It has been suggested that Osh proteins, as well as mammalian OSBP, could affect non-vesicular transport by acting as sterol sensors [37]. In this perspective, membranes somewhat defective in sterol would be replenished in the presence of sterol-bound Osh protein, while an elevated sterol chemical activity in membrane would be “silenced” by a pool of empty Osh proteins. Therefore, instead of being a sterol transfer protein per se, which regulates a vectorial transport of sterol from one membrane to another, Osh proteins would modulate dynamically the sterol content of membranes according to their physicochemical properties and their ability to attract Osh proteins (e.g., by the abundance of PIPs or membrane curvature in the case of Osh4p).

Overall, it seems that a clear mechanistic understanding of the trafficking between the ER and the PM is still lacking, and more work will be needed to determine the relative importance of non-vesicular transport processes in this route.

Sterol endosomal trafficking

Over the last 10 years, several insights into endosomal sterol trafficking have been obtained by imaging the fluorescent sterol DHE in living cells [40, 103]. DHE, which was transferred into the PM from an extracellular cyclodextrin donor, became equilibrated with the ERC within minutes, even in energy-depleted CHO cells in which endocytic delivery of transferrin to the ERC was blocked completely [42]. Interestingly, the DHE was delivered to ERC in fixed and permeabilized cells as well, indicating that this organelle behaves as a “sterol sink” just by its intrinsic properties. In contrast, the recycling of the sterol from the ERC to the PM seemed to follow a vesicular membrane pathway, at least in part. It has been estimated that 106 molecules of sterol enter and leave the ERC per second [67]; however the machinery involved in the PM to ERC non-vesicular transport is still unidentified.

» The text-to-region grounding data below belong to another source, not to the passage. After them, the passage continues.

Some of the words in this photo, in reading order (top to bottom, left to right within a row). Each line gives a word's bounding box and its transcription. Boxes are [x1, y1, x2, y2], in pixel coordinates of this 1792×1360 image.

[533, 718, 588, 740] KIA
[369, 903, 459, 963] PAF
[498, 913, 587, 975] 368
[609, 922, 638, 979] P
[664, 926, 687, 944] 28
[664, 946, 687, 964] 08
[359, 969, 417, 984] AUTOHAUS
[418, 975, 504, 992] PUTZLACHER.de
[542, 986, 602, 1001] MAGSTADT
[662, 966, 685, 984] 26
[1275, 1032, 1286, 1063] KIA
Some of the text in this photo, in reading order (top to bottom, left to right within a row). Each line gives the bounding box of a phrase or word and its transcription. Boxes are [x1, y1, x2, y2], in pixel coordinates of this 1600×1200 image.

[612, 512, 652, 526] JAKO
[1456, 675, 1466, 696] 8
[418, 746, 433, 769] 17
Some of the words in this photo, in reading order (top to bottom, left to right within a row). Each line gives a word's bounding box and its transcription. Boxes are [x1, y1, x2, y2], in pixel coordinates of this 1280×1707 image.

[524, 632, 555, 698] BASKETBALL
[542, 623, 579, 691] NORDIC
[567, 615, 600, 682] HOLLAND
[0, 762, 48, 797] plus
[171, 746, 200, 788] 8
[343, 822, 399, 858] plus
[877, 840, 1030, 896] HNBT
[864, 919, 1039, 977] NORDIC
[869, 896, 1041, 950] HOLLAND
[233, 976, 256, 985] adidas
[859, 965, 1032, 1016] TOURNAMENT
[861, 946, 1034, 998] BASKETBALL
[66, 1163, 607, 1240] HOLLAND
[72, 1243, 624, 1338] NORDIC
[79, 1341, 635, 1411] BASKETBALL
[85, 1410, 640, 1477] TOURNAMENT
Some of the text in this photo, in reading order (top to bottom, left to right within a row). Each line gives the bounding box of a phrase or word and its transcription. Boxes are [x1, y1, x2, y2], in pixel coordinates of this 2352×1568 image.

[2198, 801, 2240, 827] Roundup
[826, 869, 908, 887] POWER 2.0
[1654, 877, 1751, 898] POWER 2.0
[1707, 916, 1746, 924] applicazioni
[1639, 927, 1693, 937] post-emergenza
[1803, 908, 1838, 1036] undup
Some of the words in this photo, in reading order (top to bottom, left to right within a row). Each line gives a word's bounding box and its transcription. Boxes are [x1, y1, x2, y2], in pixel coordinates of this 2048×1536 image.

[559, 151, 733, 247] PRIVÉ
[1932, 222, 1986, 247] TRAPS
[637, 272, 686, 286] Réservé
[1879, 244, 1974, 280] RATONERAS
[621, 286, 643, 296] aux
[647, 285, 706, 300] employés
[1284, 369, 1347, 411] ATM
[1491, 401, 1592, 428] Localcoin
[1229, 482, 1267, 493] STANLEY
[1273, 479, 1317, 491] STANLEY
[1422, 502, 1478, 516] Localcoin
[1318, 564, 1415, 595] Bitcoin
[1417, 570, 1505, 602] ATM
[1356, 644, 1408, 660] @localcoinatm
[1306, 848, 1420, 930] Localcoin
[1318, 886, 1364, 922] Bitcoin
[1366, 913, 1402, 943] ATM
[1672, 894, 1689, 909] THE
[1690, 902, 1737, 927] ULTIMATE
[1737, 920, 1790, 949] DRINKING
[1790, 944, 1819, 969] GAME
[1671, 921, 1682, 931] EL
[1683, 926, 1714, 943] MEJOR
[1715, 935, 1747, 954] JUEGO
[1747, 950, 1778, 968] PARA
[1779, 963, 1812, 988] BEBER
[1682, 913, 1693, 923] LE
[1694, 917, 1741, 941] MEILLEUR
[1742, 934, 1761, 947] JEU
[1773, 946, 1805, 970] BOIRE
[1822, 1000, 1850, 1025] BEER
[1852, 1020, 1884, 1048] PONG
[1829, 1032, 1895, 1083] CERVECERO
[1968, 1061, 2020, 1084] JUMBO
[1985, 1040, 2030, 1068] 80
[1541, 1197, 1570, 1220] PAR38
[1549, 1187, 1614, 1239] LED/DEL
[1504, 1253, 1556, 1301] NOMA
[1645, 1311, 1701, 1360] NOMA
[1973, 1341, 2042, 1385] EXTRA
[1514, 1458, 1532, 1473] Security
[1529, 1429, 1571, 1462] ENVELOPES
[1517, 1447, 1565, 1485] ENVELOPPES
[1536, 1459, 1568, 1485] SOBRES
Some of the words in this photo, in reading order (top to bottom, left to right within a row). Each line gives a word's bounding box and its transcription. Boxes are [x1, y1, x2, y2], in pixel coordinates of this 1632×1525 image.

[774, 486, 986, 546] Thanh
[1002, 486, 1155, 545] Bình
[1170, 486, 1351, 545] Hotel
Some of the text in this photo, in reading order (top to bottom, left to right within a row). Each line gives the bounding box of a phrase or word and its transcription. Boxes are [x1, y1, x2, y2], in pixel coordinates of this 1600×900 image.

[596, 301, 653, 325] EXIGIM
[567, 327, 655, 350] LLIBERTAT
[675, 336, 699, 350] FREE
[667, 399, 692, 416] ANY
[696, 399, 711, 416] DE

Cholesterol efflux from late endosomes and lysosomes

Receptor-mediated endocytosis of lipoproteins, such as LDL, and hydrolysis of their cholesteryl ester cores in LE/LY constitute a major source of cellular cholesterol. Since sterols are not particularly enriched in LE/LY, the processed cholesterol must escape rapidly from these compartments. How LDL-derived sterols are trafficked out of LE/LY to reach other organelles is not completely understood, except that the mechanism involves at least two key proteins that reside in LE/LY: NPC1 (Niemann-Pick Type C-1 protein) and NPC2 [104]. Indeed, mutations of either one of these proteins lead to the retention of cholesterol and other lipids in these organelles, and such defects are the basis of the inherited autosomal recessive Niemann-Pick Type C (NPC) disease [105-107]. The NPC cell phenotype involves the formation of LE/LY-like storage organelles (LSOs), which are sterol “sinks” not only for LDL-derived sterol, but also for sterols coming from the PM and other membranes [107]. Accordingly, it has been shown that DHE introduced in the PM of NPC cells is progressively amassed in the LSOs, which is consistent with earlier findings suggesting that the PM is sterol-depleted in NPC cells as compared to normal cells [108, 109]. Interestingly, the NPC cell phenotype can be mimicked by treating normal cells by various amphiphile compounds, like the steroid U18666A, which was shown to inhibit PM cholesterol esterification and to induce cholesterol biosynthesis [110, 111]. The mechanism of action of U18666A is not known; it has been suggested that this compound may bind directly to the NPC1 protein, possibly as a sterol competitor [112, 113]. Alternatively, the positive charge of U18666A could associate with the negative headgroups of bis-(monoacylglycerol)-phosphate (BMP), a lipid that is abundant in late endosomes [107, 114, 115].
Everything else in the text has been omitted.